15/09/2008

Quem sabe faz a hora, não espera acontecer...

Essa poderia ser a sua filha. Linda, despertando para a vida. Sonhos na cabeça, ideais, projetos. O primeiro namorado, a formatura do ensino médio, o ingresso na faculdade, a formatura com direito a anel e valsa, o casamento, filhos.

Passear de mãos dadas, namorar na areia da praia, voar de asa delta, mergulhar nas ondas do mar, correr, dançar, sorrir, chorar, ver TV, assistir a um show de rock, ir ao teatro, passar horas no shopping com as amigas sem comprar nada.

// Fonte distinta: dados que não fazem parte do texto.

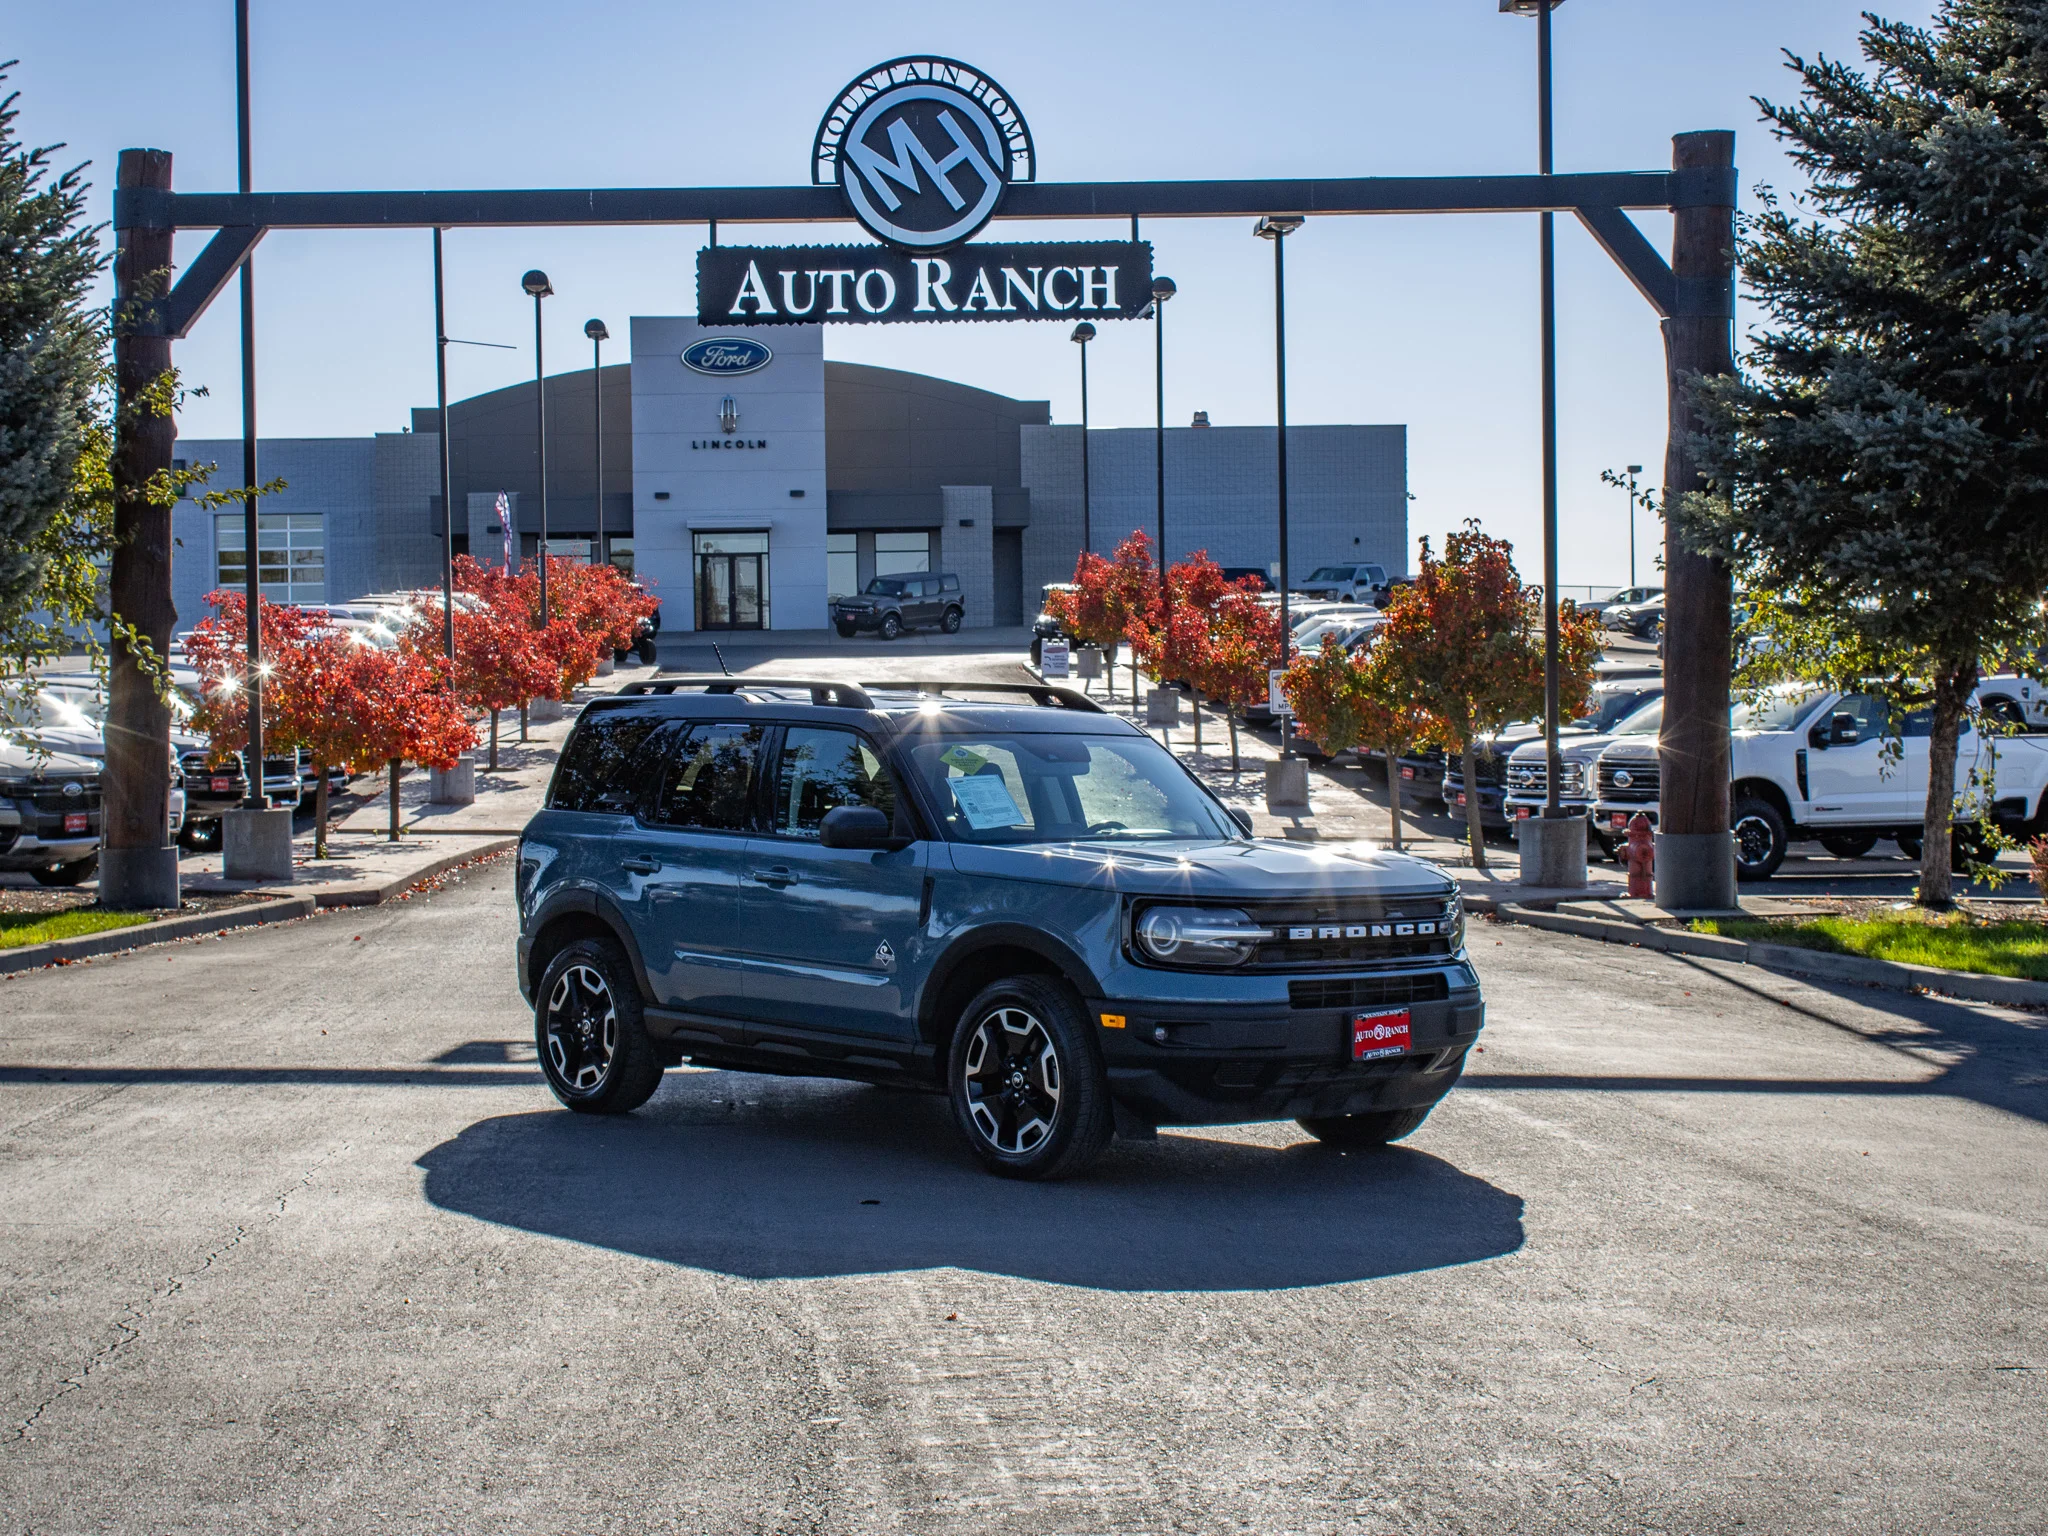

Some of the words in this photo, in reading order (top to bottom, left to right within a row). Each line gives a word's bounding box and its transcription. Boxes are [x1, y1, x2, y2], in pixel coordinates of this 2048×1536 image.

Sair para a balada e deixar a mãe preocupada, arrumar seu primeiro emprego, ter sua primeira briga com o namorado, jurar amor eterno a um amigo, passar madrugadas ao telefone colocando a conversa em dia.

A primeira menstruação, o primeiro sutiã, a primeira noite fora de casa, a primeira viagem sem os pais...

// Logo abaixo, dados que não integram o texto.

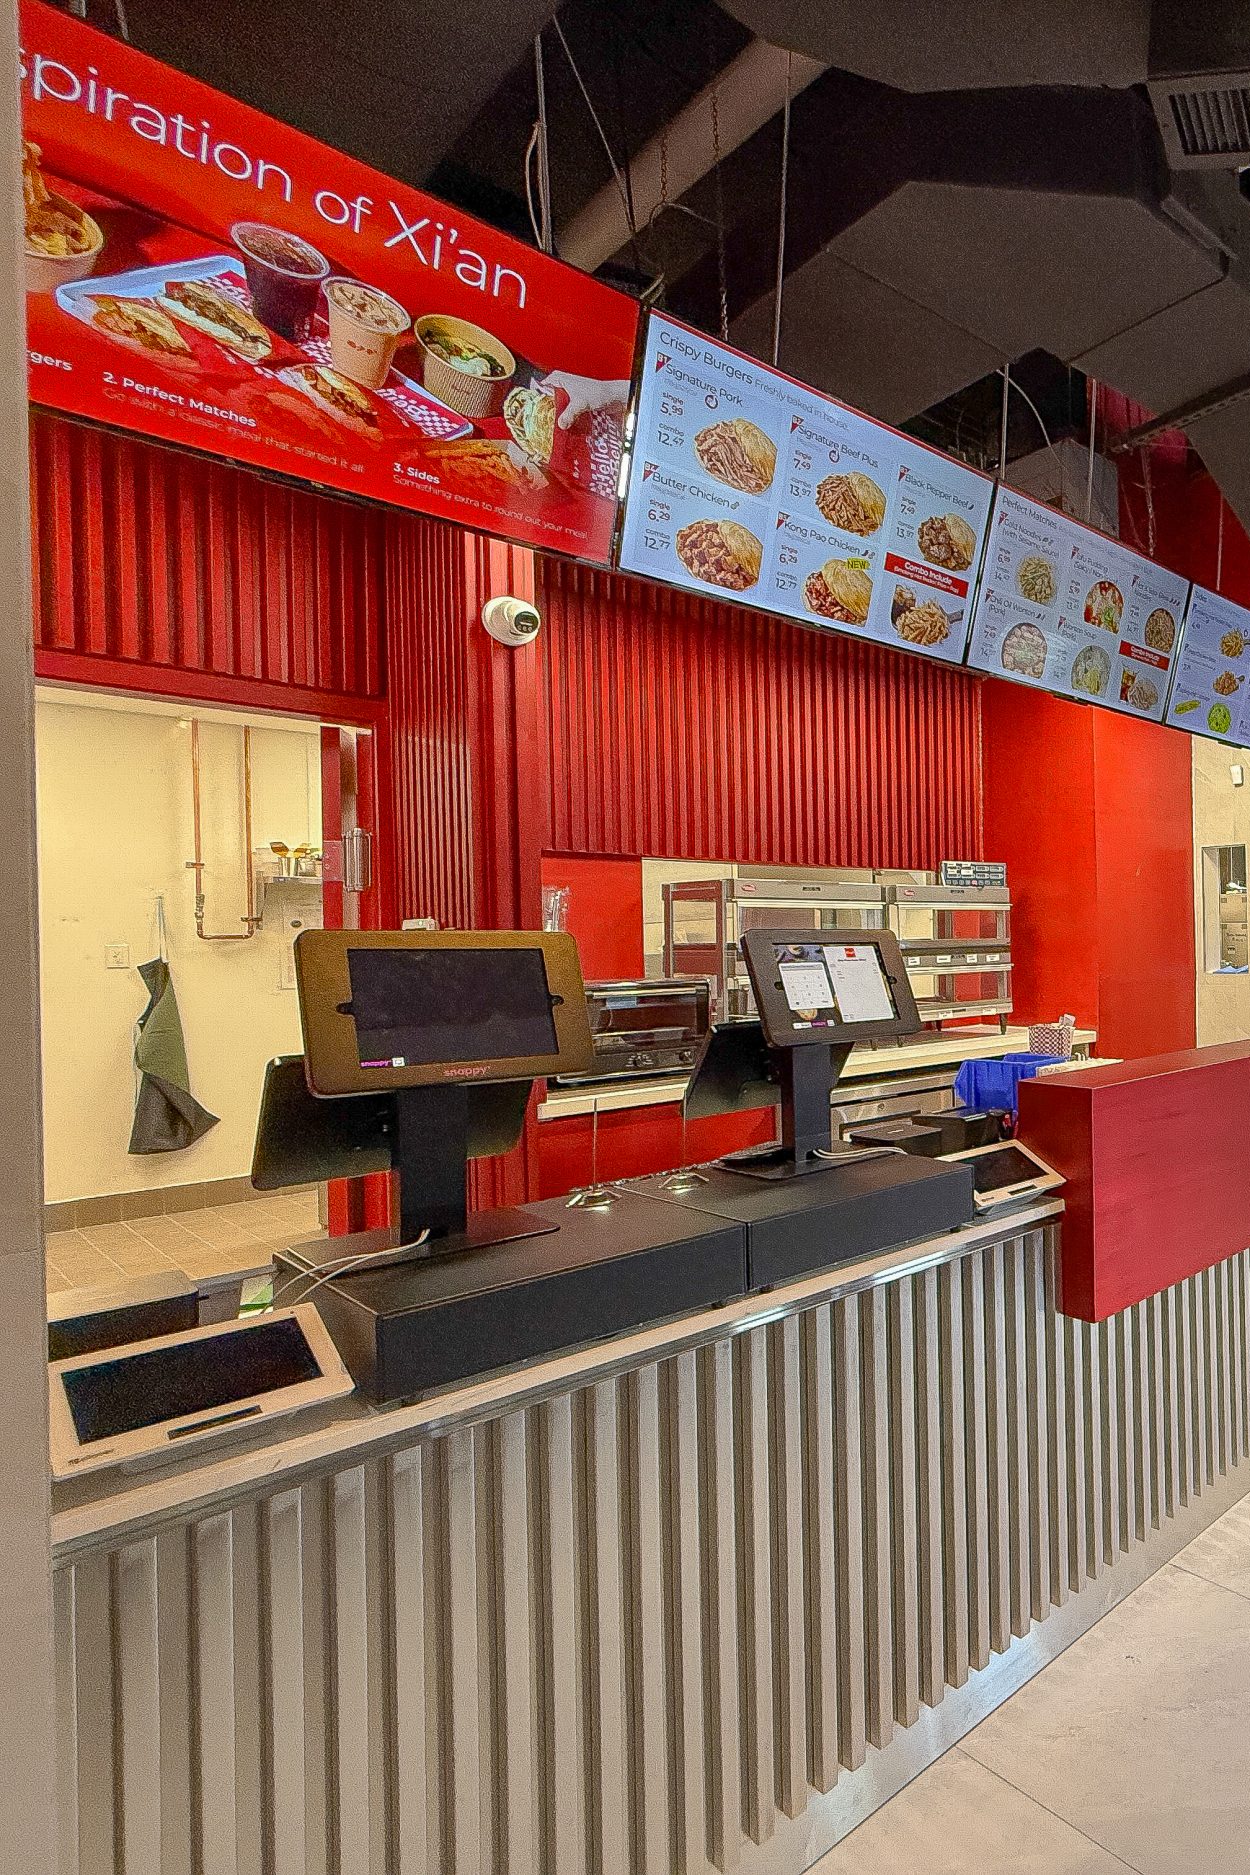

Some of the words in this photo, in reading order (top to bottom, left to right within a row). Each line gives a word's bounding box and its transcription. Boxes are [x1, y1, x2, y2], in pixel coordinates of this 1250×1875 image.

[315, 191, 373, 234] of
[384, 200, 527, 310] Xi'an
[657, 353, 667, 364] B1
[659, 329, 701, 362] Crispy
[703, 351, 752, 387] Burgers
[754, 378, 785, 402] Freshly
[786, 394, 812, 414] baked
[665, 362, 717, 396] Signature
[719, 387, 743, 407] Pork
[102, 371, 118, 385] 2.
[123, 376, 184, 406] Perfect
[189, 398, 257, 428] Matches
[662, 390, 683, 406] single
[660, 400, 683, 421] 5.99
[656, 429, 683, 451] 12.47
[658, 421, 684, 438] combo
[797, 424, 839, 452] Signature
[841, 444, 859, 460] Beef
[265, 434, 288, 451] that
[293, 443, 336, 465] started
[350, 461, 363, 473] all
[393, 462, 403, 474] 3.
[407, 466, 439, 484] Sides
[792, 457, 810, 474] 7.49
[652, 471, 686, 492] Butter
[688, 484, 730, 508] Chicken
[905, 473, 925, 490] Black
[926, 483, 951, 503] Pepper
[952, 495, 968, 509] Beef
[392, 473, 451, 501] Something
[454, 493, 479, 508] extra
[481, 501, 493, 512] to
[495, 504, 522, 521] round
[524, 514, 541, 527] out
[541, 520, 561, 534] your
[649, 497, 670, 511] single
[1002, 495, 1027, 515] Perfect
[1028, 508, 1057, 530] Matches
[647, 507, 670, 526] 6.29
[645, 526, 670, 540] combo
[784, 519, 807, 538] Kong
[809, 529, 827, 543] Pao
[827, 535, 859, 555] Chicken
[1018, 524, 1041, 541] Noodles
[643, 535, 669, 553] 12.77
[847, 560, 867, 570] NEW
[904, 561, 928, 576] Combo
[928, 570, 952, 585] Include
[360, 1059, 392, 1068] snappy
[443, 1066, 489, 1077] snappy

Flavia teve todos os seus sonhos aprisionados em seu cérebro inconsciente. Sua vida parou aos 10 anos. Aos 10 anos de Flavia começou a luta de Odele. Flavia, hoje com vinte anos, não passou por nenhuma dessas situações, tão normais na vida de qualquer jovem.

Flavia teve não só seus cabelos sugados, como a vida sugada para dentro daquele ralo. Junto, levou também os sonhos da mãe Odele. Os sonhos se foram, mas, da fatalidade, surgiu uma guerreira.

Eu, humildemente, me uno à Blogagem Coletiva Justiça Para Flavia e ofereço todo o meu carinho à essa sofrida mãe e à essa menina-mulher que talvez nunca saiba a maravilhosa mãe que tem. Mas vai sentir, tenho absoluta certeza disso.